On one hand, the urgency around climate change is vital for the public’s future. On the other, climate alarmism has the potential to distract from basic preparation activities.

“If you look at the spending on climate change, it’s all directed toward decarbonization, which is important,” Dr. Lall says. “But even if we successfully decarbonize, these extreme climate events happen – and we still do not have enough of a strategy to do something about them.”

Dr. Lall points to the drinking water crisis in Jackson, Mississippi, as an example of how underinvesting in infrastructure exacerbates the impacts of extreme weather that scientists attribute partly to the effects of human-caused climate change.

For decades Jackson’s tax base withered, and chronic underinvestment allowed the city’s public drinking water system to fall into disrepair. In recent years, boil water notices became a norm for residents. This past summer, severe flooding impacted Jackson’s water system’s pumps. The pumps failed, leaving Jackson residents without safe drinking water for weeks.  

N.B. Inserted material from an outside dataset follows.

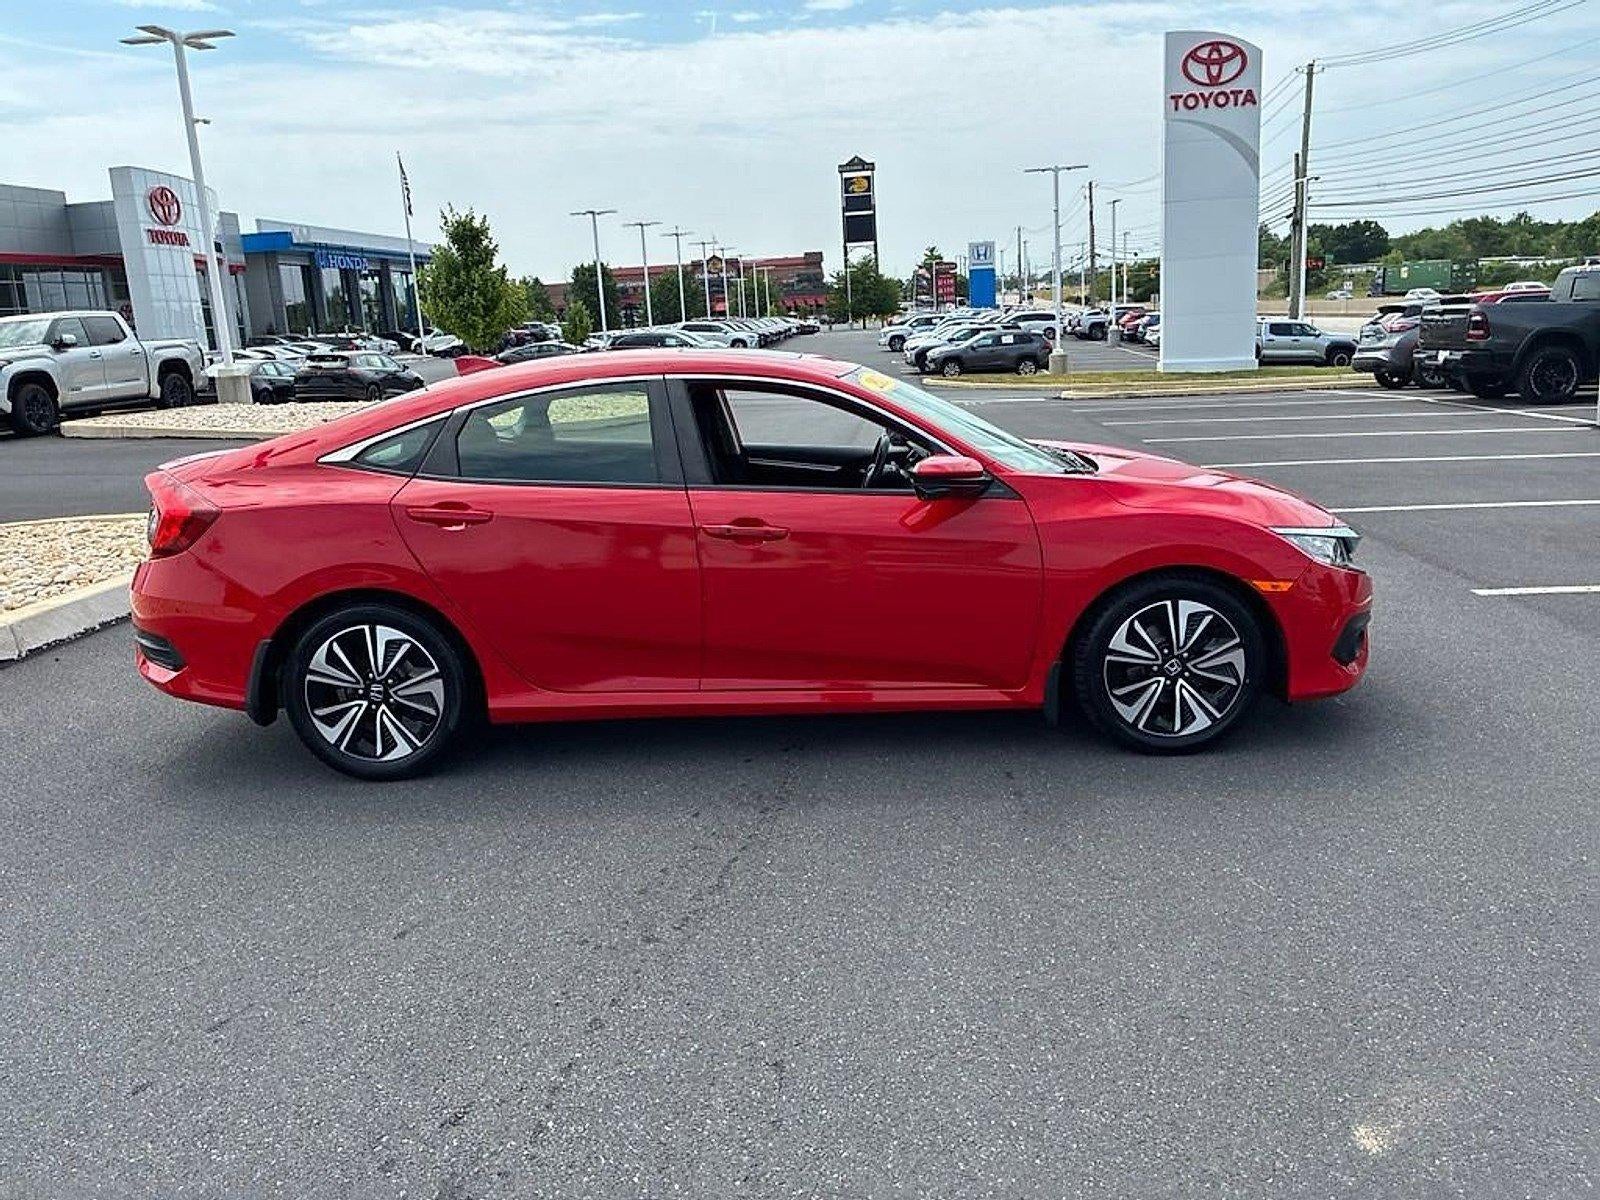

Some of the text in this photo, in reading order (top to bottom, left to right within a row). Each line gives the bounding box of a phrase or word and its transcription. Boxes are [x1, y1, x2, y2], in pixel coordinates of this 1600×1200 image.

In the end, Dr. Lall, whose academic research on the impacts of global warming dates back more than four decades, worries climate change took more blame than the city’s aging infrastructure.

“The reason this becomes a problem is that we lose sight of the fact that there’s a bunch of things that we need to be paying attention to that are not necessarily climate related,” he says.

“We are not doing that.”

Last week, the U.S. Justice Department won a federal judge’s approval for a third-party manager to oversee reforms to Jackson’s water system.

“Hopefully that helps raise awareness”

There are only so many ways technology can control the Mississippi River, researchers admit.

To combat traffic jams along the river’s shipping lanes, the Army Corp of Engineers has begun dredging parts of the river, effectively deepening sections to allow for barges to travel through.

However, the options for how to alleviate the situation largely end there. Without rain, that is. The good news is that in recent days some replenishment from rainfall has occurred, notably in the key area around Memphis. While water levels are still far from typical, they are now more than 10 feet higher than in mid-October – which saw lows not seen since 1988.

If there’s anything to be gained, Professor Willson hopes it’s clarity for the public on what the Mississippi River means for a functioning society. He hopes that the river’s recent struggles allow the opportunity for more to understand the river’s power. Not just from an extreme weather point of view, such as those who venture out to its banks after heavy rainfall to witness the mighty river’s flow. But from the understanding that the river is a binding force globally.

“Hopefully that helps raise awareness and people’s understanding of the importance of the river,” Professor Willson says.